Ve Bui loved high school so much that he thought it would go on forever.
In a way it has.
Often referred to as the mayor of his 1992 class at Indianola High School in Indianola, Iowa, Mr. Bui has hosted reunions for his approximately 175 classmates every five years since graduating. Brenda Renée Langstraat has never missed one.
On July 30, the two classmates, now 48 and living in Chicago, will attend their 30th reunion as newlyweds.
Born in Vietnam, Mr. Bui was 2 when Saigon fell in 1975. His mother fled the coastal town of Vung Tau with him and his nine siblings, eventually taking them to Iowa. (His father, who was imprisoned at the time, would join them seven years later, in 1982.)
In 1978, Mr. Bui attended the same Indianola kindergarten class as Mrs. Langstraat, who is the middle of three sisters and grew up on Dutch Ridge Ranch, a 220-acre cattle ranch on the outskirts of town.
“We knew each other growing up but were more sociable in high school,” said Mr. Bui. He was on the wrestling team. Mrs. Langstraat, much more reserved and eager to learn, was on the track team.
As teenagers, they went to the same parties and “scooped the loop,” as they called it: driving down Indianola’s main drag on Friday nights looking for friends to hang out at the local pizza, burger, or ice cream parlor. “In a city of 15,000 people, everyone knew everyone,” said Mr Bui. At the time, he was known for making mischief. In the last year of his yearbook, Mrs. Langstraat wrote: “Try to stay out of trouble this summer.”
After graduation, they went their separate ways: he to the University of Iowa and she to Wheaton College. She later received a master’s degree in English from the University of Illinois, Chicago.
By the time of their 25th reunion, in 2017, they were both living in Chicago, where Mrs. Lang Street, who was recently divorced, attended more than 20 galas a year as the principal of Working in the Schools, a public school literacy organization in Chicago.
“Are you coming to one of my galas?” she remembered asking Mr. Bui, who agreed on several occasions. Known as the high school fashionista, he quickly went from one tuxedo to three.
About the time he started accompanying her to events, she started watching Iowa Hawkeyes games in bars with him and his friends. In May 2018, after a Chicago Run gala, the two had their first kiss.

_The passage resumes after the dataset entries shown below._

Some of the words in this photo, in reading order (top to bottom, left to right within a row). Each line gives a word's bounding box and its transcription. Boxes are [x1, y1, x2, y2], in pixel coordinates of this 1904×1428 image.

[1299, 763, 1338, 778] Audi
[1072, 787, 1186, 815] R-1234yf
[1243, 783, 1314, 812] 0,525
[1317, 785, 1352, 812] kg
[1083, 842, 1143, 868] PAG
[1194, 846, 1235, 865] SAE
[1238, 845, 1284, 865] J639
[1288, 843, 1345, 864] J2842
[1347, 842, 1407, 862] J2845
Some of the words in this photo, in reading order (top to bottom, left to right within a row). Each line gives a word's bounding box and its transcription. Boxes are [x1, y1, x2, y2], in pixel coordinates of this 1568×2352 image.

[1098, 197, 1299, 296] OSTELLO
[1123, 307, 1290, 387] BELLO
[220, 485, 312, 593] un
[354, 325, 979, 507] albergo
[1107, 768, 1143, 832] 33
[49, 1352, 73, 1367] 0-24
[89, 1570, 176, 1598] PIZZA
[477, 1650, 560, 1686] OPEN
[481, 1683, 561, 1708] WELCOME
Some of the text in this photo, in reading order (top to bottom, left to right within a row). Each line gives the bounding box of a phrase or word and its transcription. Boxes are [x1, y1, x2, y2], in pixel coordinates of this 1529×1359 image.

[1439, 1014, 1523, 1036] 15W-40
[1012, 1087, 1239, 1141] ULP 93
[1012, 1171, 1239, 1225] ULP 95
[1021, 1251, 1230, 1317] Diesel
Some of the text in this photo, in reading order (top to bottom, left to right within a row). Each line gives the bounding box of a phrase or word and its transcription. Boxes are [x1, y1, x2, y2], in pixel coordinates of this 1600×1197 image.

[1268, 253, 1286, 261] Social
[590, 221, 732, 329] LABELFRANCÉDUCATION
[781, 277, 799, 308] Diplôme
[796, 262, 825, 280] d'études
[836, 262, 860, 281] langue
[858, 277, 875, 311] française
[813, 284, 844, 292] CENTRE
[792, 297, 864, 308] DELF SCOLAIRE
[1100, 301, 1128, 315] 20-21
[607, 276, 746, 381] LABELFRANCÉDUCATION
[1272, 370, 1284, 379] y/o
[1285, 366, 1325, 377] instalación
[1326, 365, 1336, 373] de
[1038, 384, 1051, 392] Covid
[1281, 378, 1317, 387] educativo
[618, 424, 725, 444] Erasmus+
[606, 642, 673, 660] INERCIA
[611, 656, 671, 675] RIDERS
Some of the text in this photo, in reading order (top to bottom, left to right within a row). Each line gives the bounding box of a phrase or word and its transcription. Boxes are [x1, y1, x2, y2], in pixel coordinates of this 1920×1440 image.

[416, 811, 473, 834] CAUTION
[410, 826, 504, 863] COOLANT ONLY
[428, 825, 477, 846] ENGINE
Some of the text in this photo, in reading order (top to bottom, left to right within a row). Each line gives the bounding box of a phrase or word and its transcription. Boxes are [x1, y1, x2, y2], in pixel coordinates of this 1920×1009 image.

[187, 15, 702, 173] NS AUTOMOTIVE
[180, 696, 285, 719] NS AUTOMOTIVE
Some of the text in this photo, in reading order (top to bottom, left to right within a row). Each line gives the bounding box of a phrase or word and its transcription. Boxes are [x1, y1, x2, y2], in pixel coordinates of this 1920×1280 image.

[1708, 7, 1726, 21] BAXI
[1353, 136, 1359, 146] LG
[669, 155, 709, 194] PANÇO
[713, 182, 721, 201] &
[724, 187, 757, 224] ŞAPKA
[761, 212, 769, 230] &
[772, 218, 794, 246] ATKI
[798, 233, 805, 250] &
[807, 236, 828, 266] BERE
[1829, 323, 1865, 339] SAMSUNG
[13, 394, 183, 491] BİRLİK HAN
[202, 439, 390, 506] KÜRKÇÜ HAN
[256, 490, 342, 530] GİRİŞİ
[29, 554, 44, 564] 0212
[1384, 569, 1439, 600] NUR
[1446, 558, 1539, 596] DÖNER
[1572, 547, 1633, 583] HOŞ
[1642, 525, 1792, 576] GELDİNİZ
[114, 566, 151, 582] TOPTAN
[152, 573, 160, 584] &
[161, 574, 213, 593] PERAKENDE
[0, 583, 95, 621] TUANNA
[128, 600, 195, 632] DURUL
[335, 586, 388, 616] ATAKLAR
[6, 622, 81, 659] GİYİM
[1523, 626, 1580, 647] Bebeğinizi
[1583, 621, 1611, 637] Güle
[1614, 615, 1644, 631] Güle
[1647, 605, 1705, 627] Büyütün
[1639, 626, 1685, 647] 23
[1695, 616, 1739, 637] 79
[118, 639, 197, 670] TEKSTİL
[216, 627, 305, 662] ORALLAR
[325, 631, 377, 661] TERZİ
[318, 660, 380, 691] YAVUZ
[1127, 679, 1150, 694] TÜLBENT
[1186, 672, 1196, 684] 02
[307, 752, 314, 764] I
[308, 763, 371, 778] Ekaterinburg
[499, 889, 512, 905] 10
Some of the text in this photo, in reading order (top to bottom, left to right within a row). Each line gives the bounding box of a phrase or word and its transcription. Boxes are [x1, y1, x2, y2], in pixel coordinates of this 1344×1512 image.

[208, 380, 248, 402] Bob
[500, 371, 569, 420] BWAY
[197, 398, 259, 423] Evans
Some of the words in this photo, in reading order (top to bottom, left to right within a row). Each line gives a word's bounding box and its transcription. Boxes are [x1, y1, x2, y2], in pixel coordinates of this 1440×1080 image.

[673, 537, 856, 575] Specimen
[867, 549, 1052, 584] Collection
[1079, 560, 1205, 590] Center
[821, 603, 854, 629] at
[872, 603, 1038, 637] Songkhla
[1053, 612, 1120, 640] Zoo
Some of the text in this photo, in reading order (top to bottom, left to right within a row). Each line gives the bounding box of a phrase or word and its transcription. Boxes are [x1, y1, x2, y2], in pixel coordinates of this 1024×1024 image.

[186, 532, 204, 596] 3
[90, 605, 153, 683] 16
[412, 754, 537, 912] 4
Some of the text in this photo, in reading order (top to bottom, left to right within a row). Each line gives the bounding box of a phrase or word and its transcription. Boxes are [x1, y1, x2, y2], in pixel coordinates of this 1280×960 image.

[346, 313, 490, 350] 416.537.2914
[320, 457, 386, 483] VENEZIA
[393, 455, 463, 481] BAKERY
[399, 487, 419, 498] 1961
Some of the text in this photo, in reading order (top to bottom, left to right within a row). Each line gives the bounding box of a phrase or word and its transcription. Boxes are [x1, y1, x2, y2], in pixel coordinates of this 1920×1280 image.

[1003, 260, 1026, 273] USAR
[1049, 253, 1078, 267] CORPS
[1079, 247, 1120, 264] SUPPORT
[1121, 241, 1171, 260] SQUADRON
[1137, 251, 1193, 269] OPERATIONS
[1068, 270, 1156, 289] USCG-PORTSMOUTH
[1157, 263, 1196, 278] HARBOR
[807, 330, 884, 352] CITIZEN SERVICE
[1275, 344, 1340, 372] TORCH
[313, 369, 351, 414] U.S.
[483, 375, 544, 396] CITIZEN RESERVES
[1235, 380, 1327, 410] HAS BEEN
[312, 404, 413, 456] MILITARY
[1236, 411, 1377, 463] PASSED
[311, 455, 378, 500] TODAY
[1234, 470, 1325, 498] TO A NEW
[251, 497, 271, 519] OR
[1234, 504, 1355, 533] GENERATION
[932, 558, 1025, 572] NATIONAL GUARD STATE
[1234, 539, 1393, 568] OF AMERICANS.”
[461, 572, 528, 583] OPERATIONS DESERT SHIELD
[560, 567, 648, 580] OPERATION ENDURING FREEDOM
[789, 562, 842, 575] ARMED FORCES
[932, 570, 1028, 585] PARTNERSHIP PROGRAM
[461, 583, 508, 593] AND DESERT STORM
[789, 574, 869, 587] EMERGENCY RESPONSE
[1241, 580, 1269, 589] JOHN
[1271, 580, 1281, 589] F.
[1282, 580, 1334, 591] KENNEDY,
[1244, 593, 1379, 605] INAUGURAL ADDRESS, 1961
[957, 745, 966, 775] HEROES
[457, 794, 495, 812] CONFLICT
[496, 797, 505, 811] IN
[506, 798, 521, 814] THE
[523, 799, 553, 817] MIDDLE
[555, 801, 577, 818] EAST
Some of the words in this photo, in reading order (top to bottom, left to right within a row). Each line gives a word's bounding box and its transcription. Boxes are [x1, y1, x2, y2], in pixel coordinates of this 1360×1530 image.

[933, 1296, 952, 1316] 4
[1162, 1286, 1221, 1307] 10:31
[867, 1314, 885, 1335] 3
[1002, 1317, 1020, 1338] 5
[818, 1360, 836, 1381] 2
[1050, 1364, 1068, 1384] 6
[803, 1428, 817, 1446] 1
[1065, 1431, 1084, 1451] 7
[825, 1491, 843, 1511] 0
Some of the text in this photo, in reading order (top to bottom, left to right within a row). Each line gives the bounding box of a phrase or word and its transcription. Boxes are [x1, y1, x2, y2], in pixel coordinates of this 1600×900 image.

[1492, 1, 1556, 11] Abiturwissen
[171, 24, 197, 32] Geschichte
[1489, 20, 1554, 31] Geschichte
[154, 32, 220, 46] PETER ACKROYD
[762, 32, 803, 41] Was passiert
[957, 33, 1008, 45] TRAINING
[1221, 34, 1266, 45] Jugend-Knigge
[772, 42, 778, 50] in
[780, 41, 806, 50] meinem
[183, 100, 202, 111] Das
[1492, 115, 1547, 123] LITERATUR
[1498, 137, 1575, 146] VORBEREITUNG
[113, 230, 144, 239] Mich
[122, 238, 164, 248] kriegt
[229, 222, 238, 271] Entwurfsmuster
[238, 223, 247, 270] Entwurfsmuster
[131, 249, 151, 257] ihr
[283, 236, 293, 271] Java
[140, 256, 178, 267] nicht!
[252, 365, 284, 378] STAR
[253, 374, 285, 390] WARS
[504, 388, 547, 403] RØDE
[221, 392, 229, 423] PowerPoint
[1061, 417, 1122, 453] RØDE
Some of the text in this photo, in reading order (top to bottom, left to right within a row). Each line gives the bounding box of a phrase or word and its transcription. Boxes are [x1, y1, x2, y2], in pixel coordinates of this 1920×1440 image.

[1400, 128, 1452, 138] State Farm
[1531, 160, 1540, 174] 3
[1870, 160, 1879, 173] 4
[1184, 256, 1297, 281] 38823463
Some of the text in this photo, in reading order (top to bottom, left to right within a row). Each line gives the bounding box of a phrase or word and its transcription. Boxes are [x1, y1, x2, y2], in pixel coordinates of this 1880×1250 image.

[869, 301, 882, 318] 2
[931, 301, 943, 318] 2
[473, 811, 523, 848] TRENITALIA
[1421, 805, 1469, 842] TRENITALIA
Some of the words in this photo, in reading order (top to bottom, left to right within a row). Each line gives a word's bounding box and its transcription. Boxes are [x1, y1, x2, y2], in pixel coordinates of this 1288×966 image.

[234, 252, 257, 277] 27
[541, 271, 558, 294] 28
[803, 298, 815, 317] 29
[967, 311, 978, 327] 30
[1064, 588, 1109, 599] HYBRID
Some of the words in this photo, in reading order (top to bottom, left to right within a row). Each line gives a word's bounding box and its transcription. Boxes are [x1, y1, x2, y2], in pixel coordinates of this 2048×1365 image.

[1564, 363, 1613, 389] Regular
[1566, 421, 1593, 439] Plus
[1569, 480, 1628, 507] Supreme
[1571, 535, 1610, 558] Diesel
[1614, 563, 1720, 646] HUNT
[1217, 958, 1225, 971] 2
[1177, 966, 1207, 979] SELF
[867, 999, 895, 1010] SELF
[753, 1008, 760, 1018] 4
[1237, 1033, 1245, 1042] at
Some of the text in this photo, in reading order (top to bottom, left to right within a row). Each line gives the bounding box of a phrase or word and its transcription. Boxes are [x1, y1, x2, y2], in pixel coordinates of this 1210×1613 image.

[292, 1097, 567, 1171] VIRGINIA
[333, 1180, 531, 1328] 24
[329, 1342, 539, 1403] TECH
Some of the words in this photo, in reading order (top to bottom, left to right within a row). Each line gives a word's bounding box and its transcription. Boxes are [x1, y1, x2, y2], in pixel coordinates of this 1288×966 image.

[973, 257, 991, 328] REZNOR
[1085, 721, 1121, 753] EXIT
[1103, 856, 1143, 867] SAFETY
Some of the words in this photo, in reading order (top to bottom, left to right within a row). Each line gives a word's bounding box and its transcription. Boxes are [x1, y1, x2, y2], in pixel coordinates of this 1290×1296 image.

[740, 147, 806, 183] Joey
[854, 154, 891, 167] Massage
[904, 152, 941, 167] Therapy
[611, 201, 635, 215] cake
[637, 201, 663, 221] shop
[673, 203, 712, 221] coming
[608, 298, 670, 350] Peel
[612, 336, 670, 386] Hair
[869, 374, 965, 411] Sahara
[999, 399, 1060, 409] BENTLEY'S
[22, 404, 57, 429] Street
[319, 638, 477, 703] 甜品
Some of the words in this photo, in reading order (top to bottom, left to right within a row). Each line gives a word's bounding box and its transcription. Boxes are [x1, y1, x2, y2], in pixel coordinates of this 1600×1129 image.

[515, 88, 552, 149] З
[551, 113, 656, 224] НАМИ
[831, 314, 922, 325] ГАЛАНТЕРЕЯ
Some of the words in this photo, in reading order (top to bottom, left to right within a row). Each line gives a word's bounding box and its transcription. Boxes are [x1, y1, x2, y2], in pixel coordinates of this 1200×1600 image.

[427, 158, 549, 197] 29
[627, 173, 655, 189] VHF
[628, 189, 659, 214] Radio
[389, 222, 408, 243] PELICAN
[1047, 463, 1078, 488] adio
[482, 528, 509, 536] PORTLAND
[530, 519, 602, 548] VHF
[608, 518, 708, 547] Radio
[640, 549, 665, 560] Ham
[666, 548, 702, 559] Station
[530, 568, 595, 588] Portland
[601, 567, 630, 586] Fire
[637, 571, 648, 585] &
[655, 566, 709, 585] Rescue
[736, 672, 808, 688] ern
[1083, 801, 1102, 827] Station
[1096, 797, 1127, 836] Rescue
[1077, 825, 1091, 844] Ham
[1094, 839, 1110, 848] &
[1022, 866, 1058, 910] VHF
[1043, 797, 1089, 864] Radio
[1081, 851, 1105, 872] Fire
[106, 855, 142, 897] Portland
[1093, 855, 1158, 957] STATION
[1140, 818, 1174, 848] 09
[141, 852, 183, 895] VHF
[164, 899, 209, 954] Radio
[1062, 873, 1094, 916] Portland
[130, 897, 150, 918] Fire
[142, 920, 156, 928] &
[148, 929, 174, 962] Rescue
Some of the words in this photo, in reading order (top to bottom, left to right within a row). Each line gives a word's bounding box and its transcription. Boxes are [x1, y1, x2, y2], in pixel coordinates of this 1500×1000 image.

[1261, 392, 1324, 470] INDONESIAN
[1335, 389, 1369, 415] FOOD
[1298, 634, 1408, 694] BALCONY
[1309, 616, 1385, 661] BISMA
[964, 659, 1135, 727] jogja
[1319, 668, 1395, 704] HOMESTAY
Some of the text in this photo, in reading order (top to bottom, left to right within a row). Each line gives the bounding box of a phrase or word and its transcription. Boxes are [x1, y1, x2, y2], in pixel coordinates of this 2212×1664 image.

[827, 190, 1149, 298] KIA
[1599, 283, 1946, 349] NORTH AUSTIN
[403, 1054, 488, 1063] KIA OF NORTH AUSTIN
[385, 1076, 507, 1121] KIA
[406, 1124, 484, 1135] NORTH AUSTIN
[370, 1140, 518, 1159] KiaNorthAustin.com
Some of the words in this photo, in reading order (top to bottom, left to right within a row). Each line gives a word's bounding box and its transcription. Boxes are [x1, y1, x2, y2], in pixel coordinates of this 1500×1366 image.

That summer, when they spent boozy afternoons around the pool at the private club Soho House Chicago, of which she is a member, “a switch flipped,” she said. “We were in love.”
The following year, in the summer of 2019, he sold his apartment in the River North area of the city and moved into her home in the West Loop. By the fall, they had moved to a larger apartment nearby.
After the pandemic arrived in March 2020, “we learned to figure out Covid together,” Ms Langstraat said. They even dressed up for virtual galas. Now the president and chief executive of the Chicago Public Library Foundation, she continues to attend formal events with Mr. Bui, a technical sales consultant at the Chicago office of Okta, a technology identity management firm.
On December 30, 2021, he proposed marriage in the Signature Room, the restaurant atop the John Hancock Tower, and recited a line in English and Spanish from “Dan in Real Life,” a film starring Steve Carell. “Love is not a feeling, it is an ability,” he said. When Mr. Bui took out the ring, she reached for it. “You have to say ‘yes’ first,” he teased, pulling it back.
The pair celebrated their union at two events. First, there was a traditional Vietnamese tea ceremony at her parents’ farm on June 4, during which Mr. Bui’s parents presented a dowry with jewelry and a 40-pound roast pig.
On June 10, they were married at Curate, an event space in Des Moines, in front of 300 guests. The Rev. Josh Blakesley, a United Church of Christ minister and the homecoming king of their high school class, performed. The bride, taking the groom’s name, wore glittery red shoes with her wedding dress; a theme of the event was “there’s no place like home”, a nod to their shared hometown.
Now it’s on to the next party: “I have to make sure everyone registers for the class reunion,” said Mr. Bui.